Multiple documents signed by Rubio’s parents, including their petitions for naturalization, show that Mario and Oriales Rubio arrived in the United States on May 27, 1956, with their son Mario, 6. Maternal grandfather Pedro Victor Garcia also came to the United States around the same time.
Marco Rubio has said that his father left Cuba after enduring hardships, including the loss of his mother when he was young.
Rubio has described the death in moving terms, although details have changed in his accounts. In February 2010, during Rubio’s electric speech to the Conservative Political Action Conference in Washington, he said that his grandmother died when his father was 6 and that “the day after her funeral, he went to work selling coffee in the streets of Havana.” Seven months later, when his father died in the midst of Rubio’s Senate campaign, Rubio wrote in an open letter that his father lost his mother when he was “just days shy of his ninth birthday.”
The Social Security numbers for Rubio’s father and grandfather suggest that Mario Rubio received his Social Security number in Florida in 1956 and that Garcia received his in New York in 1956-57.
What’s known of their lives in the United States comes primarily from Marco Rubio’s speeches and writings. He talks and writes lovingly of his father, telling of the family’s regular Sunday trips to the International House of Pancakes and how his father managed equipment for his Pop Warner football team. His father was a bartender and school crossing guard; his mother worked as a hotel maid and stocking shelves at Kmart. The family was itinerant, according to the senator, living at various times in New York and Los Angeles and spending several years in Las Vegas. But it appears that most of their time was spent in the Miami area, where a 1958 city directory shows a Mario Rubio employed at the luxurious Roney Plaza Hotel.
In one 2010 interview with Fox News’s Sean Hannity, Marco Rubio seemed uncertain about the date of his parents’ arrival, saying, “My parents and grandparents came here from Cuba in ’58, ’59.” None of the public statements reviewed by The Washington Post gave 1956 as their arrival date.

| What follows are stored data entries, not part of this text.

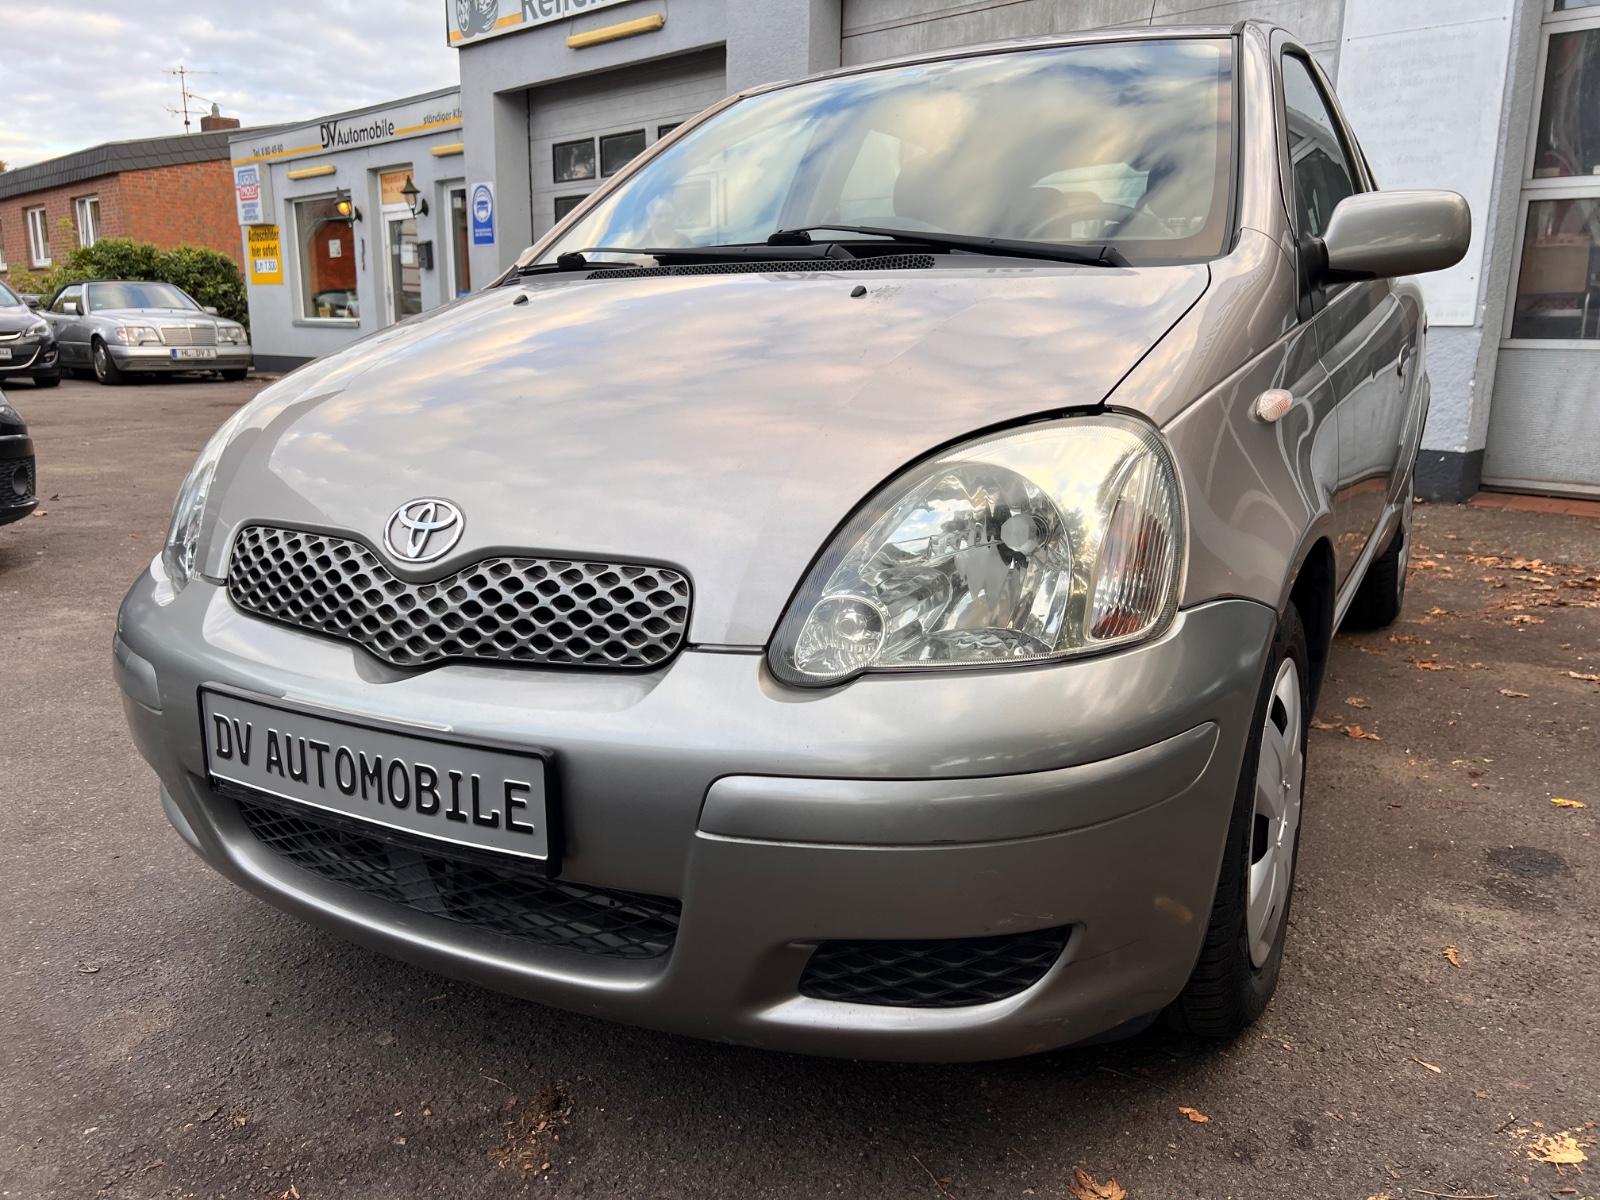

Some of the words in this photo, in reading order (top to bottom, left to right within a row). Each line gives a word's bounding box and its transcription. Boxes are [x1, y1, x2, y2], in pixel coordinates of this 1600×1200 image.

[337, 118, 395, 146] Automobile
[248, 227, 279, 242] Autoschilder
[251, 244, 262, 257] hier
[263, 243, 278, 257] sofort
[213, 712, 253, 766] DV
[265, 728, 535, 835] AUTOMOBILE

The senator’s office tried to clarify the facts in its statement Thursday. After coming to the United States in 1956, Rubio’s parents visited Cuba after Castro’s takeover. In 1961, Oriales Rubio took her two children to Cuba “with the intention of remaining permanently.” Mario remained in Florida “wrapping up the family’s matters.” But within weeks of arriving, “it because clear that Cuba was headed full speed toward Communism and they decided to return to the U.S,” the statement said.